Foi então assim, nesse ambiente de intimidade e descontração onde cada som, cada palavra , eram escutados com atenção e carinho, que Ana Lua nos ia falando sobre si e sobre o que naquele momento justificava análise; ora nos revelava que adora o Maus Hábitos (nós também, já agora, não encontrássemos aqui uma comunidade de divulgação e descoberta musical tão útil para a cidade) e que o visita sempre que vem ao Porto, ora confidenciava que aquilo que estava dentro das garrafas tranquilamente pousadas pelo palco era água e não sumo, ou ia discutindo o conteúdo das músicas, que no caso dela são pequenas histórias que ilustram desabafos , pensamentos e sensações , sempre imbuídas de um registo que oscila entre o popular e o surrealista, fundindo ambos numa destreza verbal prodigiosa. Sim, porque Ana Lua não é só uma compositora com um potencial assustador (sobretudo para a idade, ainda nem chegou aos 24 anos e já atingiu um nível que muitos músicos não alcançam ao longo de uma vida), é igualmente uma letrista fabulosa , transformando observações do quotidiano em divagações poéticas , por vezes quase mirabolantes , que espelham honestidade num formato deliciosamente criativo, naturalmente acessível no modo consciente como tenta escapar ao óbvio.
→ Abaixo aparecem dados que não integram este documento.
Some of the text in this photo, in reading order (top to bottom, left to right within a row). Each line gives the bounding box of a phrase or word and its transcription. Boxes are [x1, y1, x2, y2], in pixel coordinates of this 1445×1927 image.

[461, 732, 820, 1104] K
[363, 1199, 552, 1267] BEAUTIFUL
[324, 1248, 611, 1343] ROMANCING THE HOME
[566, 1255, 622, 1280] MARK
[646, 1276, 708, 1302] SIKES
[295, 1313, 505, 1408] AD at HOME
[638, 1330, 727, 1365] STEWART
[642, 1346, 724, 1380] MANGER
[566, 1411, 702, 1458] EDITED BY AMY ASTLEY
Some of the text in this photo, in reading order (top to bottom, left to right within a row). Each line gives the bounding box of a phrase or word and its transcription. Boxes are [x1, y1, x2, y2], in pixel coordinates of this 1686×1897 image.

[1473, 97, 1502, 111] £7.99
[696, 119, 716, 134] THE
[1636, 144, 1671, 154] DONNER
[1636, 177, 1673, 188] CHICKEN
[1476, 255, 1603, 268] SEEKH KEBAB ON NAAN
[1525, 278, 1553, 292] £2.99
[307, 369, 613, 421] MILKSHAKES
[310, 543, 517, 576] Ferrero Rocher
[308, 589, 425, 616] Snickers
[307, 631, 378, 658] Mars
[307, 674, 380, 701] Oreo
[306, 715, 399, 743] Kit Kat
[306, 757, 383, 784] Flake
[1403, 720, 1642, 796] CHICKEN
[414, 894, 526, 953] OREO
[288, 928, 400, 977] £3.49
Depois chegam os sons, sempre decorados com loops vocais que parecem ecoar pelo espaço em busca do infinito, adornados com apontamentos eletrónicos maravilhosamente envolventes, percussões e toda uma panóplia de objetos tradicionais, incluindo castanholas, Sempre ali num abraço eterno e caloroso entre o analógico orgulhosamente tradicional e o digital recheado de possibilidades emancipatórias. É música ao mesmo tempo simples e espantosamente orelhuda - aliás, o refrão de “Vou Abaixo, Volto Acima”, cantado em uníssono a pedido da artista lisboeta, é absolutamente magistral e uma das melhores expressões de criatividade musical a surgir em Portugal nos últimos anos -, mas também cheia de pormenores, de “segredos” que só repetidas escutas permitem descobrir, e de uma inteligência que chega mesmo a ser francamente arrepiante. Ao vivo as composições nem sempre soam iguais à versão de estúdio - “Doí-me a Cabeça e o Juízo”, mostrou-se aqui mais “despida” e menos contagiada pelo fervor daquelas explorações eletrónicas dinâmicas a sugerir uma euforia latente que nunca se atreve a explodir - , mas nunca deixam de soar triunfais no modo como libertam uma paixão revigorante, uma pureza inspiradora e uma luz que nos aquece em tempos cinzentos. Escutamos estas canções - sublimes canções que nunca param de nos agarrar , peguem em “Se Dançar É Só Depois “ e percam-se na sua sedução majestosa , sentimento lusitano adaptado aos dias de hoje com o passado a vislumbrar o futuro - e não restam dúvidas: estamos perante um dos futuros pilares da música portuguesa , alguém para quem o céu é realmente o limite.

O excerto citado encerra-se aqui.